BIST 541: Principles of Epidemiology (3 credits)
Semesters Offered: Fall
Faculty: Dragomir, Anca
Description: Epidemiology overview and history; distributions of disease by time, place and person; association and causality; ecological studies; cross-sectional studies and surveys; case-control studies; analysis of case-control studies; types of bias in case-control studies; cohort studies; analysis of cohort studies; bias in cohort studies; population attributable risk; confounding factors; effect modification (interaction); analysis for confounding and interaction; multivariate analysis; sensitivity, specificity and screening; public health practice and prevention; special issues in cancer epidemiology, infectious disease epidemiology and genetic epidemiology. This course includes a discussion session.

BIST 545: Quantitative Data Analysis & Reporting (2 credits)
Semesters Offered: Fall
Faculty: Korostyshevskiy, Valeriy
Description: The goal of this course is to enhance students’ skills for identifying appropriate choices of statistical methodologies; and developing statistical approaches to applied research problems and effective communication of the approaches and findings. The course will give students hands on experience in statistical applications. The course will be organized around a series of case studies based on applied problems from different sources with a focus on application of statistical techniques as opposed to the subject matter of the data at hand. Students will formulate statistical approaches to the applied research problems; perform exploratory data analysis, model building and statistical inference; write reports, make oral presentations of results of analyses and interactively discuss analysis aspects of the case studies.

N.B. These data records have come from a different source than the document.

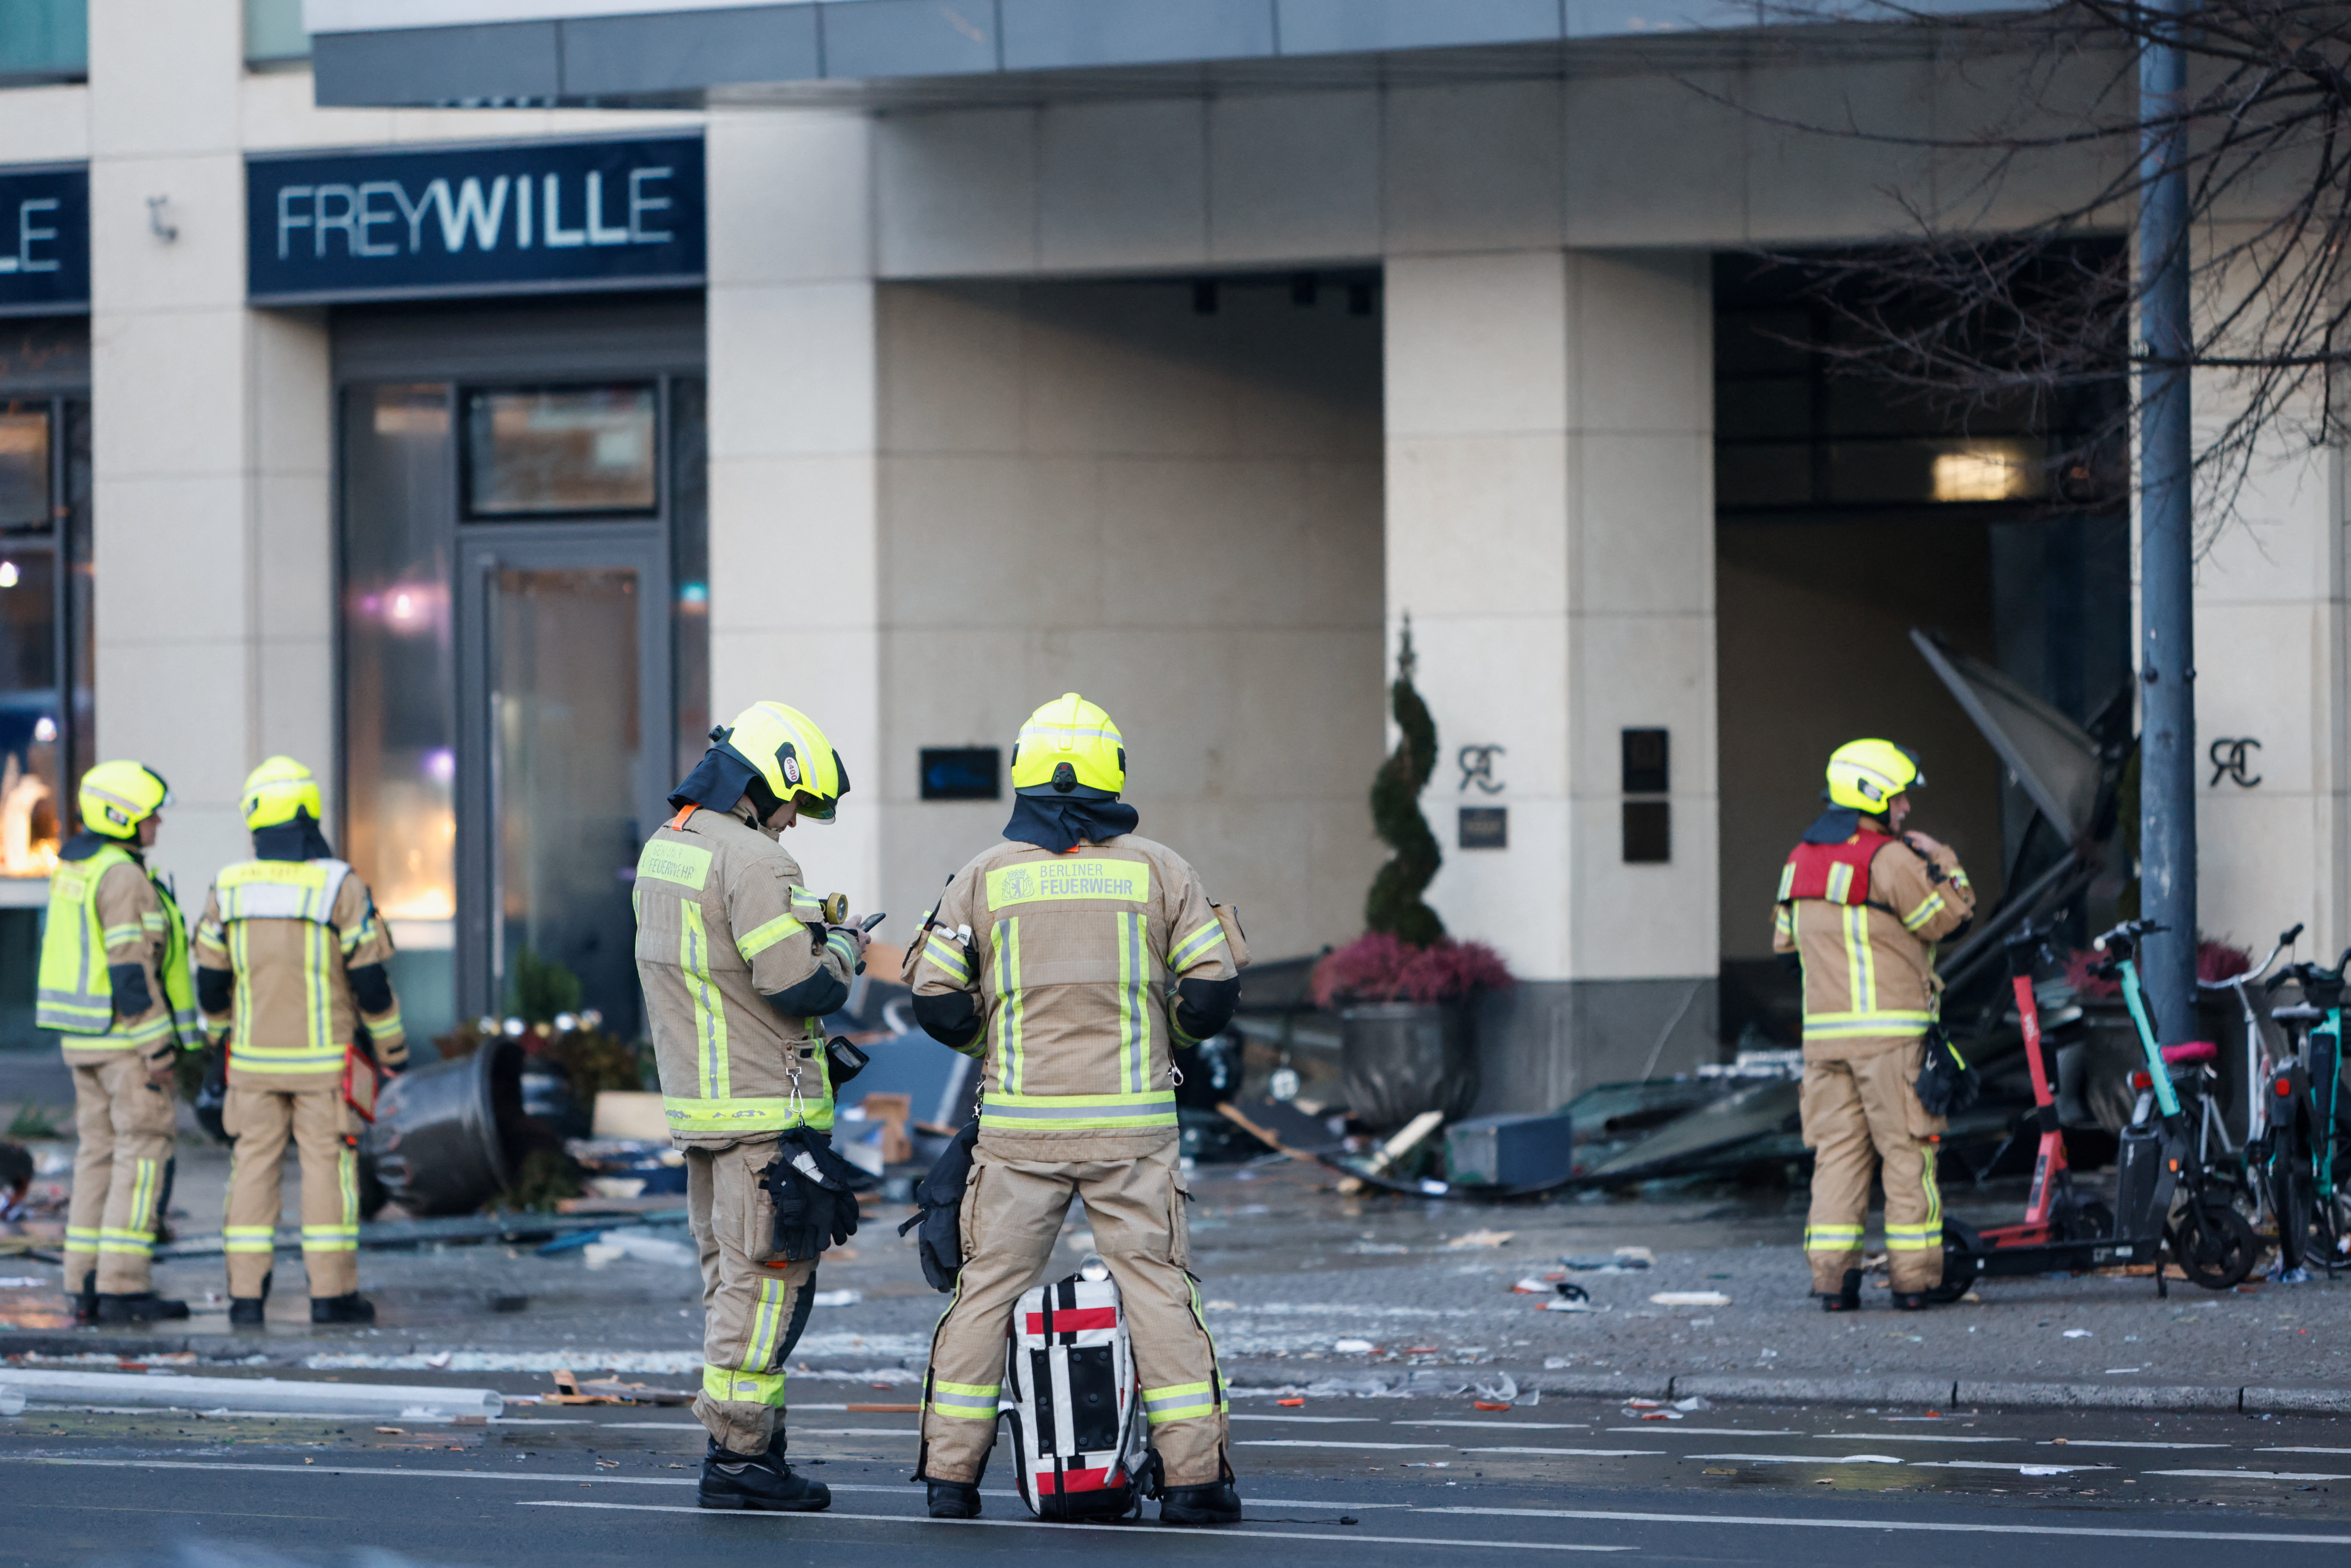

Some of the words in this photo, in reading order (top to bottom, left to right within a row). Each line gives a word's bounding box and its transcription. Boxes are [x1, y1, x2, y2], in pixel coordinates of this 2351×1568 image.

[278, 166, 674, 259] FREYWILLE
[787, 759, 797, 781] 6400
[653, 844, 683, 858] BERLINR
[648, 858, 694, 880] FEUERWEHR
[1040, 864, 1103, 878] BERLINER
[1040, 878, 1133, 896] FEUERWEHR
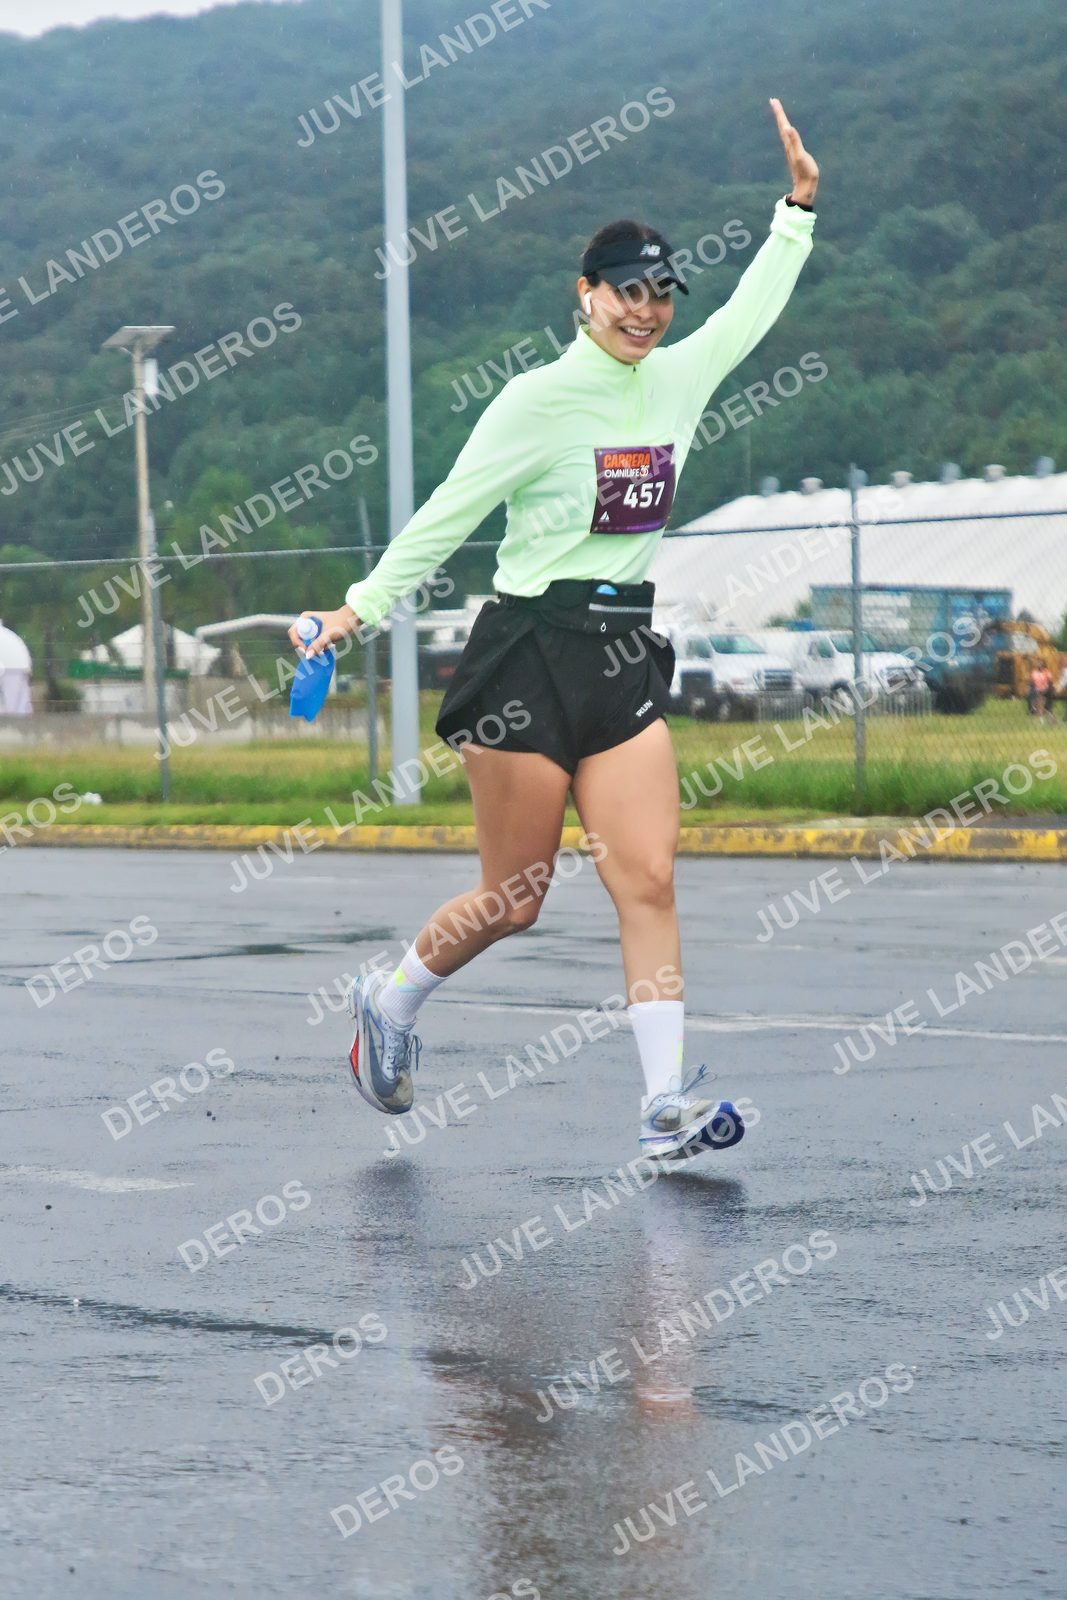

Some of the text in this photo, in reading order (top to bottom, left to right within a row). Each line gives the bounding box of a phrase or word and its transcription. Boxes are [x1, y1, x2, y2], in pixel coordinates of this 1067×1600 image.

BIST 595: Methods for Biomedical Data Science (2 Credits)
Semesters Offered: Fall
Faculty: Li, James
Description: As a recent hot topic, big data usually includes data sets with sizes beyond the ability of commonly used software tools to capture, curate, manage, and process data within a tolerable elapsed time, and therefore, specialized and advanced paradigms, architectures, and analytical methodologies are necessary. Biomedical field is one of the most popular areas that generates big data which are typically collected from multiple sources and distributed from multiple sites. Statistical and computational skills are essential to analyze and extract knowledge from massive data. This course is designed for graduate students looking to acquire additional statistical and computational concepts, theories as well as skills beyond other informatics course(s) in the BIST curriculum. The course is divided into 4 modules with each module focusing on a specialized topic in biomedical data science taught by faculty with research interests and expertise in that specific research area. The goal is to introduce students to the use of cutting edge methodologies and tools in biomedical data science that have current broad applications on processing biomedical research and health care data.

BIST 817:  Special Topic I (1 Credit)
Semesters Offered: Spring
Faculty: Department Faculty
Description:  This course is designed to enrich students’ background by exposing them to advanced methodologies, cutting-edge techniques, and other material not generally covered in regular curriculum. Examples include (but not limited to): adaptive design of clinical trials, Bayesian analysis, spline regression, meta-analysis. Students will be involved in both theory and hands-on exercises.
Prerequisites: BIST 510, 511, 515 or Instructor’s permission. 

BIST 818:  Special Topic II (1 Credit)
Semesters Offered: Fall
Faculty: Department Faculty
Description:  This course is designed to enrich students’ background by exposing them to advanced methodologies, cutting-edge techniques, and other material not generally covered in regular curriculum. Examples include (but not limited to): adaptive design of clinical trials, Bayesian analysis, spline regression, meta-analysis. Students will be involved in both theory and hands-on exercises.
Prerequisites: BIST 510, 511, 515 or Instructor’s permission. 

BIST 900: Summer Internship (0 Credit)
Semesters Offered: Summer
Faculty: Korostyshevskiy, Valeriy

BIST 917:  Practicum (1 Credit)
Semesters Offered: Spring
Faculty: Department Faculty
Description:  Students will be involved in a research project under the supervision of a faculty member. While the consulting class will expose them to short-term projects, the practicum will provide them with an opportunity to implement a combination of the skills they have acquired and to extend them in a limited context. This practical experience should span 3-4 months. The project will be written up as a Master’s paper including the following sections: background to the problem, experimental design, and description of the data, analytical methods, results, and interpretation of the latter. This paper will be defended orally, after no fewer than two faculty members (the advisor and one other) have read it and deemed it ready for presentation.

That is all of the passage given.